Another study on the use of VPA in RP was published in Ophthalmology And Therapy in November 2012 by Dr Mahesh Shanmugham and his colleagues from Sankara Eye Hospital, Bangalore, India. In this prospective, nonrandomized trial, 10 patients (20 eyes) with RP were treated with oral VPA for 3 months. Visual acuity and visual field changes using Humphrey visual field analyzer were recorded. The results showed mean visual acuity significantly improved from a pretreatment value of 20/72 (logMAR 0.560 ± 0.488) to 20/65 (logMAR 0.513 ± 0.422) after 3 months of treatment (P = 0.006). Vision improved by at least one line or more in 10 eyes, and remained stable in the other 10 eyes. Visual field improvement was noted in nine eyes (p < 0.05), with another nine showing no significant field change, while visual fields could not be recorded in 2 eyes due to poor vision. The authors conclude that short-term (3-month) treatment with VPA improved vision and visual field of patients with RP.

Recently, a comparative non-randomized study conducted at the Dr RP Center for Ophthalmic Sciences, AIIMS, New Delhi, evaluating efficacy of oral VPA on visual function in patients with RP was published in Journal of Ocular Pharmacology Therapy. Conducted by Prof Atul Kumar and his associates, they evaluated the outcomes of treatment with oral VPA in 30 RP patients (60 eyes). Fifteen patients received oral VPA for a period of 1 year, while the other group of the remaining 15 patients received no treatmentand thus served as controls. The effect of VPA on visual function was evaluated by the effect on visual acuity, multifocal electroretinography (mfERG), and visual evoked response (VER), while side effects of oral VPA were also monitored. At the 1-year follow-up, 14 of 15 patients in treatment group had improvement in median best corrected visual acuity. In contrast, there was a slight decrease in median BCVA in the control (no treatment) group. There was also a statistically significant increase in improvement in amplitude and latency/implicit time in mfERG and VER in this group (P<0.001), while the control group did not demonstrate any such improvement. The authors concluded that VPA appears to have a positive effect on the visual functions in RP patients, while suggesting that long-term studies evaluating the dose modifications, genetic analysis, and change in visual fields are required.

What should a patient of RP do?
We believe that there is no conclusive evidence to support or reject the treatment potential of VPA in RP at this time. 

Considering that none of the studies so far have indicated significant side-effects or complications from the use of VPA, it may be concluded that this drug has not demonstrated significant worsening in patients with autosomal-dominant form of RP, in a medically-monitored, controlled environment (such as under the supervision of a physician in a clinical trial). Considering this outcome, it may be suggested that those patients, who have been specifically told that they have autosomal-dominant form of RP (usually suggested by the inheritance pattern - best to consult your doctor or a geneticist) may consider taking a course of VPA, but STRICTLY on the recommendation of your doctor and under the care of a licensed physician.

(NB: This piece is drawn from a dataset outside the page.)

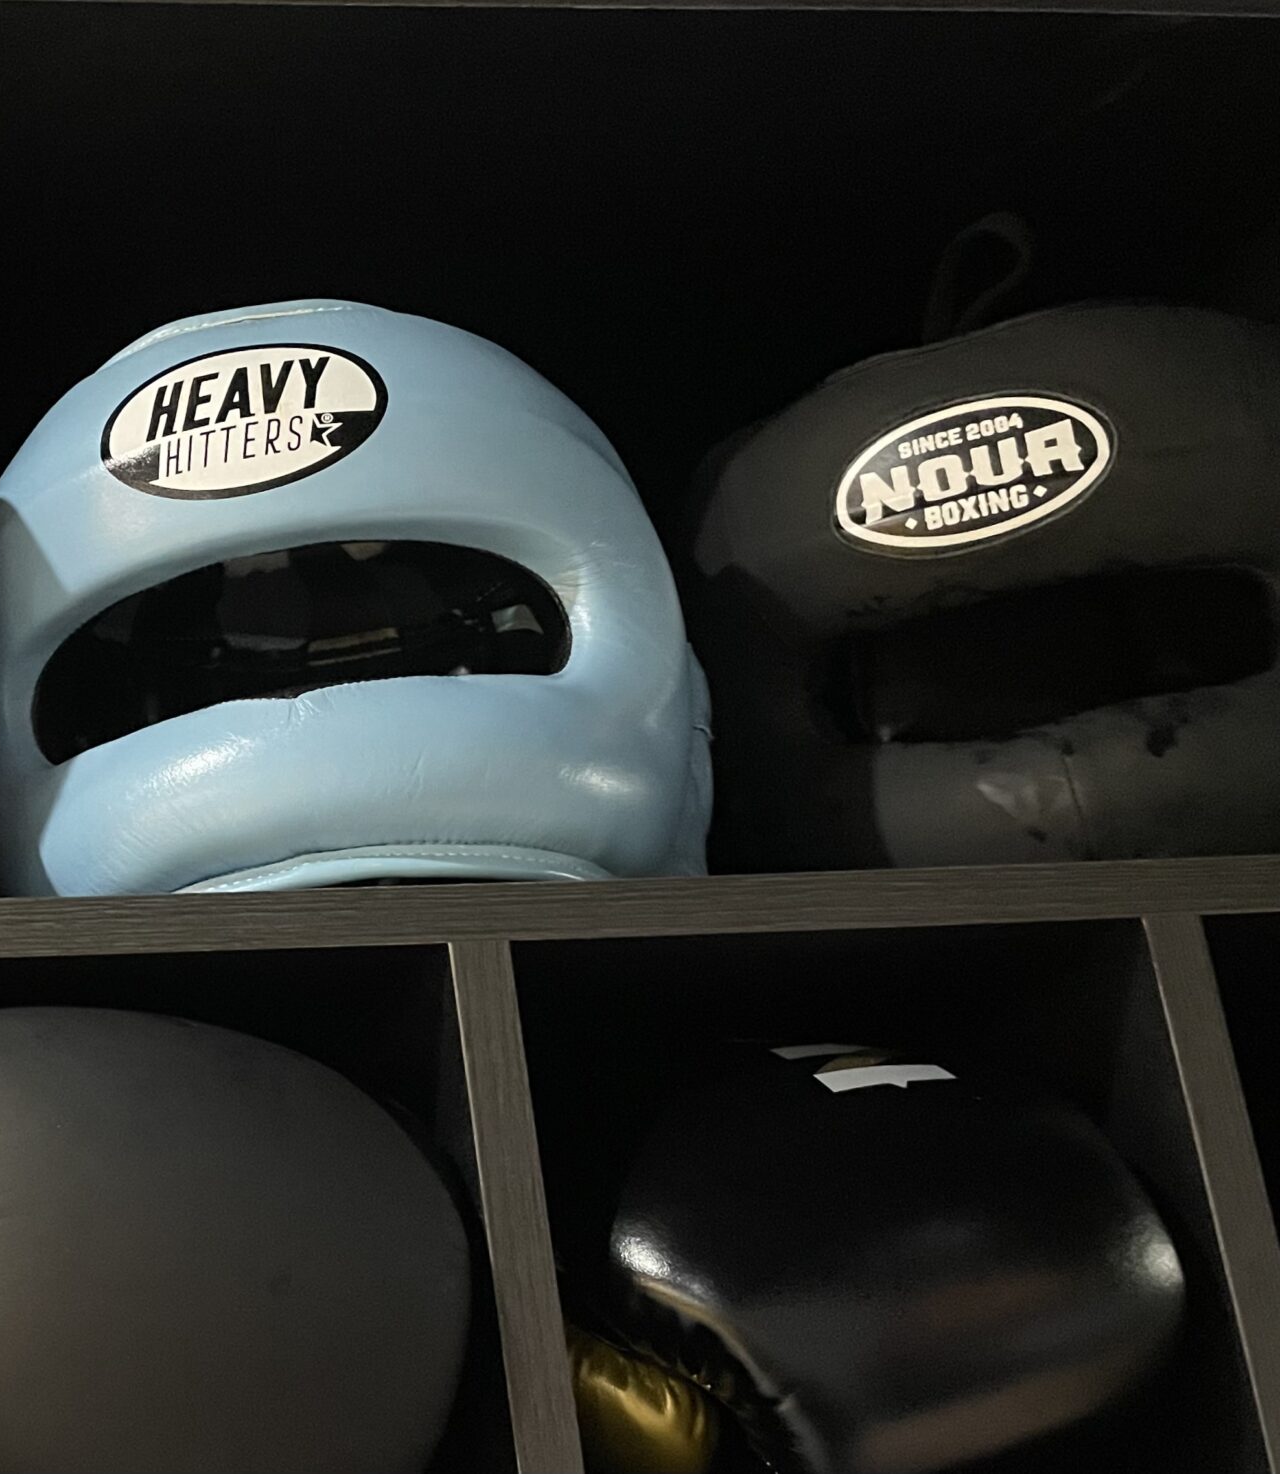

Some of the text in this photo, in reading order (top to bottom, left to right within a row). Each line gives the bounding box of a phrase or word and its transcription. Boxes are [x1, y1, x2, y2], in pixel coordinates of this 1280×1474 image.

Note: The above article is information collated from sources referenced in the article. Nothing in the article should be construed as a recommendation for or against use of VPA as potential treatment in patients with RP. Our conclusion/recommendation is not equivalent to medical consultation or recommendation, and does not create any semblence of a doctor-patient relationship. We are not responsible for any actions and/or outcomes in reference to this article. Readers have a choice to read this article of their own free will.